Michael Bishop, November 12, 1945 – November 13, 2023

Michael Bishop, November 12, 1945 – November 13, 2023

Michael Bishop

The first issue of The Magazine of Fantasy & Science Fiction I bought was August 1974, and it had some fine work, perhaps most notably John Varley’s first published story, “Picnic on Nearside.” But… the second issue had, as the cover story, “Cathadonian Odyssey,” by Michael Bishop. At that time, I had no idea who Michael Bishop was. But that story fair blew me away. I was awed. Overwhelmed. I thought it a sure Hugo winner and it was on my first ever Hugo nomination ballot (and it was a finalist, losing to a good but not great Larry Niven story, “The Hole Man.”)

Shortly later I read his story “Death and Designation Among the Asadi” in Donald Wollheim’s Best of the Year collection, and was again wowed. And I continued reading his work with great enjoyment — short fiction such as “The Samurai and the Willows,” “Saving Face,” “The Quickening,” “Dogs’ Lives,” “Apartheid, Superstrings, and Mordecai Thubana,” “Cri de Coeur,” and “Twenty Lights to the Land of Snow” being particular favorites.

[Click the images for bigger versions.]


The Magazine of Fantasy & Science Fiction, September 1974 (containing
“Cathadonian Odyssey”) and February 1976 (“The Samurai and the Willows”),
and Asimov’s Science Fiction, September 1994 (with “Cri de Coeur”).
Covers by Jeannine Guertin, Ron Walotsky, and Ron Fleming

I eagerly snapped up his first novel, A Funeral for the Eyes of Fire, and most of his subsequent books. If there is a consensus as to his best novel (though all have their advocates) is is probably Brittle Innings, and I have been told that was Bishop’s own favorite.

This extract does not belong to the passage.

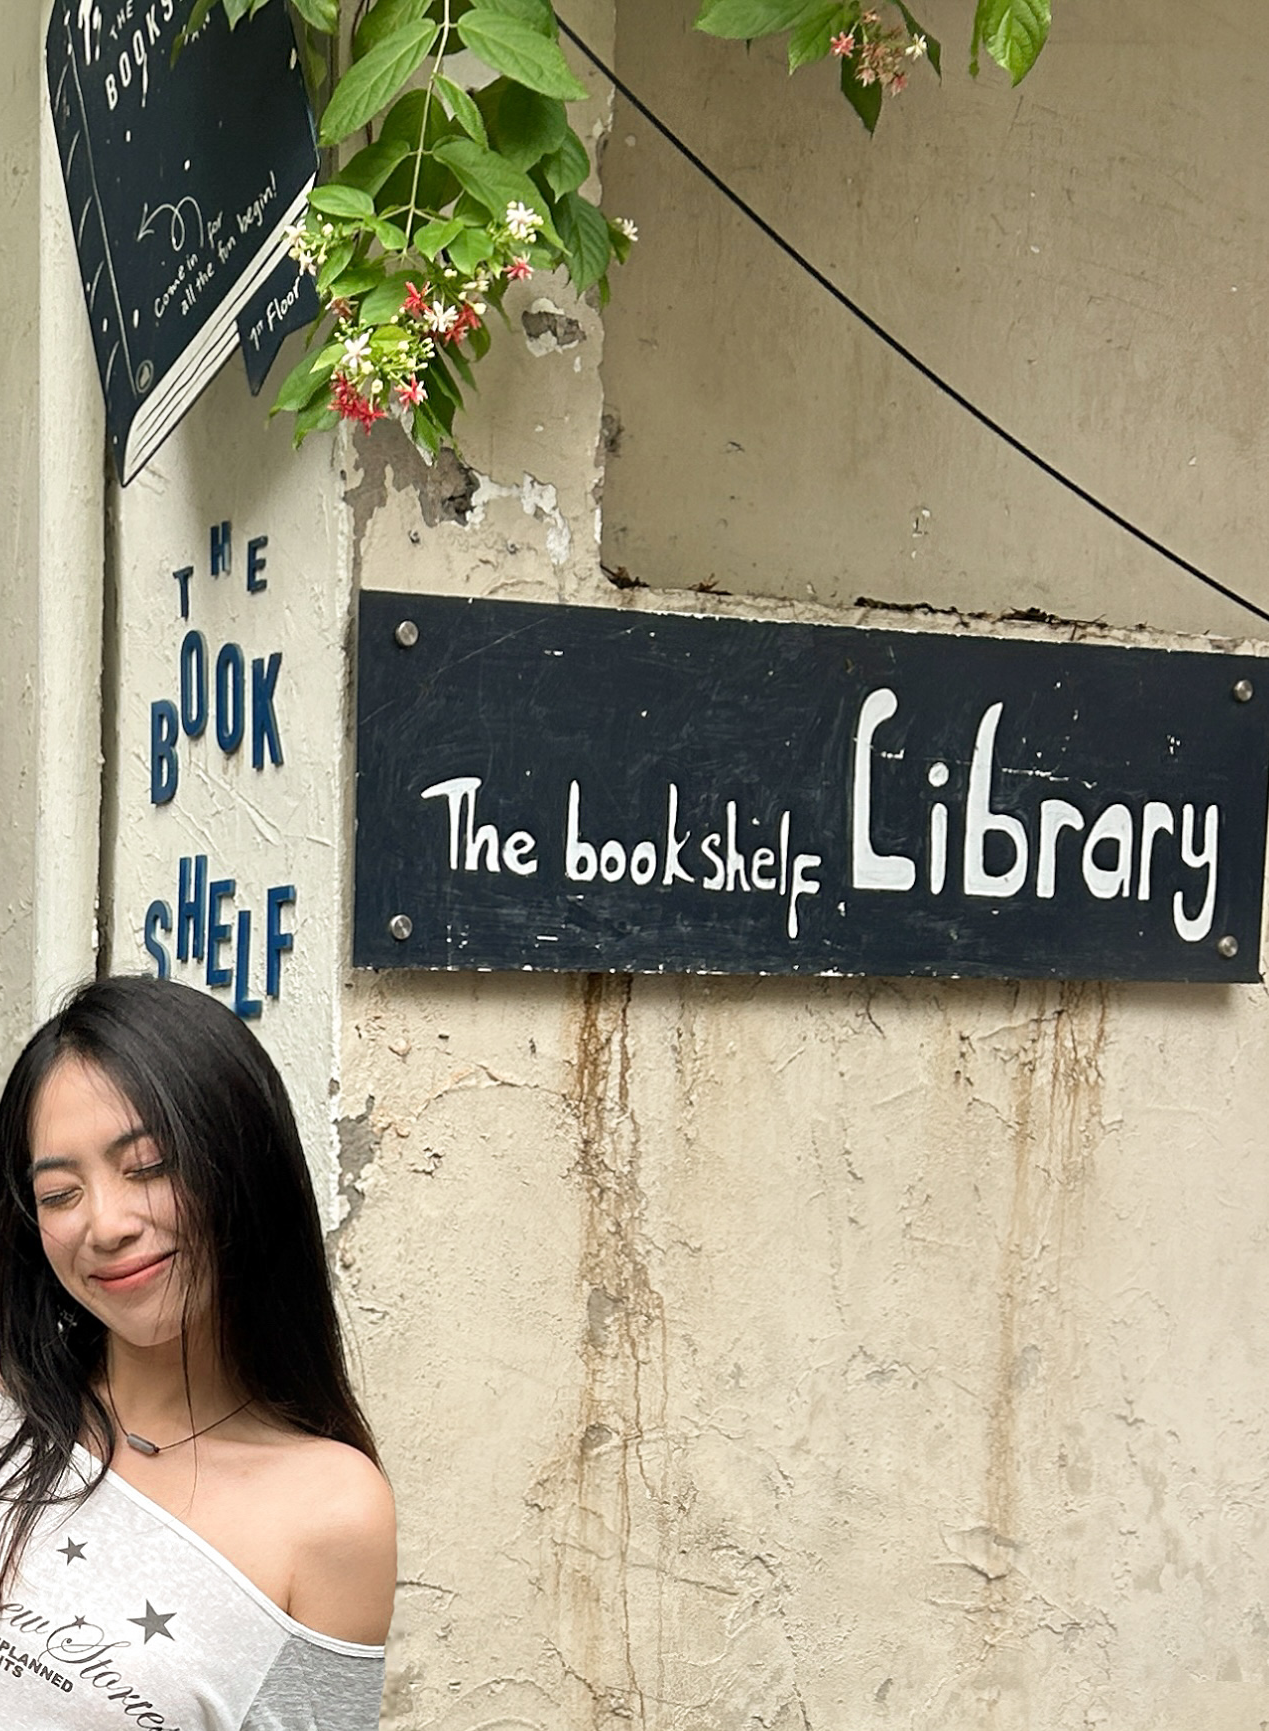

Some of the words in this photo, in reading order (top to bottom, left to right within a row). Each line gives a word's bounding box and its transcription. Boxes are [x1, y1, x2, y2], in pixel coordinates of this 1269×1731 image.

However, my favorite among his novels is Count Geiger’s Blues, and I retain affection for And Strange at Ecbatan the Trees — those who follow my blog know that the poem from which Bishop took the title, Archibald MacLeish’s “You, Andrew Marvell”, is one of my favorite poems, and I took my blog title from the same line Bishop used. (To be sure, I first read the novel in the DAW edition, which was entitled Beneath the Shattered Moons, because Don Wollheim.)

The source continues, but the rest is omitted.